5 Ways AI and ML Will Enhance Banking Customer Experiences of the Future

Among the plethora of technologies taking root in today’s retail banking sector, two of the most exciting are artificial intelligence (AI), or the capability of machines to simulate human thinking, and the branch of AI called machine learning (ML). An increasing number of banks have gone further than implementing digitized or automated solutions and have invested in AI and ML for key aspects like customer enrollment, loan application, customer service, and financial crime and compliance management.

Now that banks and their customers are several years into the digital age, it makes sense that AI, ML, and related technologies like artificial neural networks and deep learning have made an impact in the present. But how will these technologies continue to shape the future of customer experiences, and what’s in store for the retail banks that choose to embrace them?

At a glance, AI and ML in retail banking solutions have the potential to enhance the speed, accuracy, and efficiency of banking processes in ways that financial institutions have yet to imagine. They’ll also unlock new possibilities for “phygital” or hybrid “physical-digital” customer experiences, which seamlessly mesh the contributions of human agents and digital interfaces for complete front-to-end service. To illustrate further, here’s an overview of retail banking aspects that AI and ML are due to permanently transform:

Faster Digital Onboarding of Customers

The concept of digital onboarding is not necessarily new to today’s generation of customers, given that many would already choose to open new accounts online versus over the counter. But in the future of retail banking, new customers can expect onboarding to be even faster, more streamlined, more secure, and more personalized thanks to AI and ML technologies.

For example, a retail bank’s AI-driven solution can quickly process pertinent information about the customer’s preferences and current life stage, making it easier to advertise specific products and services during the customer’s introduction to the banking ecosystem. AI can also be used to implement quick but efficient verification processes to validate new customers’ identities. In terms of banking applications that will soon be driven by AI and ML, digital onboarding is one of the most obvious ones.

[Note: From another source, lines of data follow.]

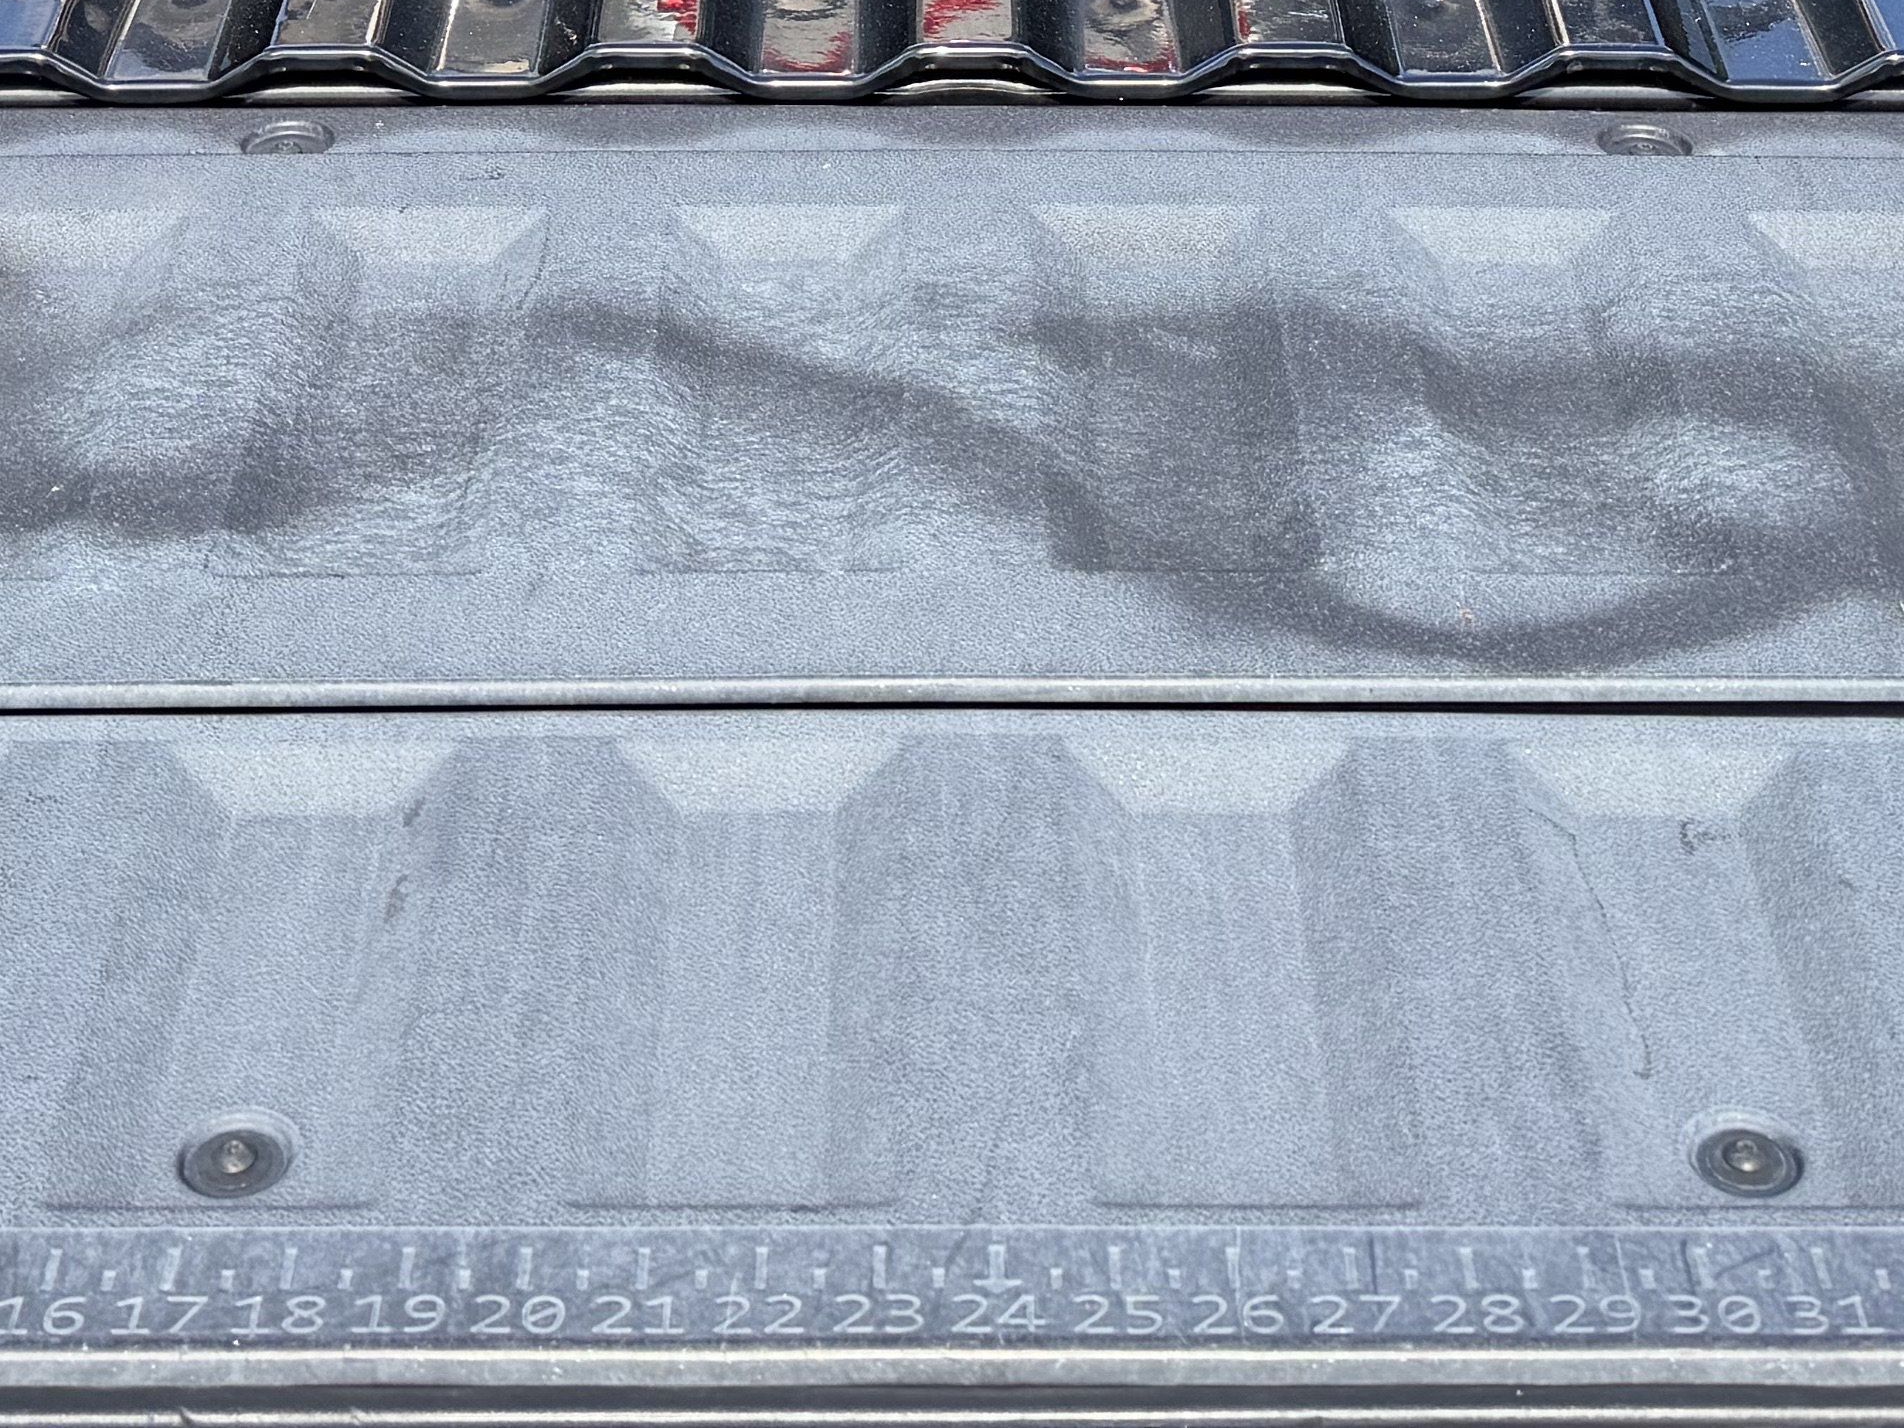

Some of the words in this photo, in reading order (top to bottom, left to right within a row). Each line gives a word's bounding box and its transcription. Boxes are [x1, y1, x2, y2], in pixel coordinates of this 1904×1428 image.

[112, 1295, 210, 1334] 17
[232, 1295, 324, 1334] 18
[349, 1295, 446, 1334] 19
[470, 1295, 566, 1334] 20
[591, 1295, 685, 1334] 21
[713, 1295, 806, 1334] 22
[834, 1295, 925, 1334] 23
[952, 1295, 1047, 1334] 24
[1074, 1295, 1163, 1334] 25
[1192, 1295, 1286, 1334] 26
[1313, 1295, 1402, 1334] 27
[1430, 1295, 1525, 1334] 28
[1550, 1295, 1643, 1334] 29
[1667, 1294, 1762, 1333] 30
[1788, 1294, 1886, 1333] 31

Immediate Origination Processes

AI and ML may also soon be utilized for origination processes. These are the multi-step processes that customers have to go through when they apply for home loans or mortgages.

Loan applications have traditionally been driven by manual processes since human staff must exercise judgment on matters like loan eligibility. Soon, however, AI and ML may help in ascribing eligibility and improve turnovers for loan applications through intelligent pre-qualification.

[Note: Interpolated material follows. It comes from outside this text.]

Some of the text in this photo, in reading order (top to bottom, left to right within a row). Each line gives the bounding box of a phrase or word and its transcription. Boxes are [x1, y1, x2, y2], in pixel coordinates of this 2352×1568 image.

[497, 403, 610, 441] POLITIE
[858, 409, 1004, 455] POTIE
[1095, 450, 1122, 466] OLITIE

Automated Customer Assistance

Before, the assumption was that customers would only want to talk to human agents for their concerns. But many banks that have tried a combination of human and machine-driven customer assistance have realized that this may not necessarily be the case. It may not always be a human presence that customers are looking for per se; rather, most are looking for immediate answers and a clear sense of direction for the resolution of their problems.

In the future, more banks may opt for a hybrid customer service arrangement in which chatbots provide real-time customer assistance for simple matters while more complex concerns are escalated to human agents. With this arrangement, customers can be assured of consistent support from the bank at every step of their journey.

Intelligent Fraud Detection and Know Your Customer (KYC) Processes

ML tools may soon be at the forefront of retail banks’ know your customer (KYC), transaction monitoring, and anti-money laundering (AML) processes. Intelligent solutions that are capable of “learning” about illicit trends can be quickly trained to detect the distinct patterns and conditions that indicate fraudulent behavior.

Such technologies will do a lot to help a retail bank gain a fully consolidated view of their transactions and see if either individual customers or clusters of customers are engaging in anomalous behavior within the bank’s system. This, in turn, will go a long way in protecting the bank’s assets from malicious agents, like money launderers and terrorist backers, as well as safeguarding the interests of legitimate customers.

Intelligent Credit Decisioning

Lastly, AI and ML may play a more prominent role in retail banks’ credit assessment processes and their assignment of proportionate credit ratings to customers. For example, neural network technologies can be used to process huge volumes of credit-related data and to learn about customers’ credit risk based on documents like bank statements and pay slips.

As a result, banks will be able to roll out intelligent credit decisioning and avoid serious losses due to unmitigated credit risk. Customers will also be appraised and rewarded for doing well with their credit.

It’s important to remember that AI and ML technologies are not meant to work in isolation or completely replace human intelligence for financial applications. A customer-focused industry like retail banking still requires the judgment and fine-tuning abilities of human overseers who are better equipped to identify human factors like intent.

As you can see from the insights above, there’s significant potential for customer experiences to improve when AI, ML, and other technologies in the same family are combined with human ability. In time, all these may significantly change the way we do retail banking in the future.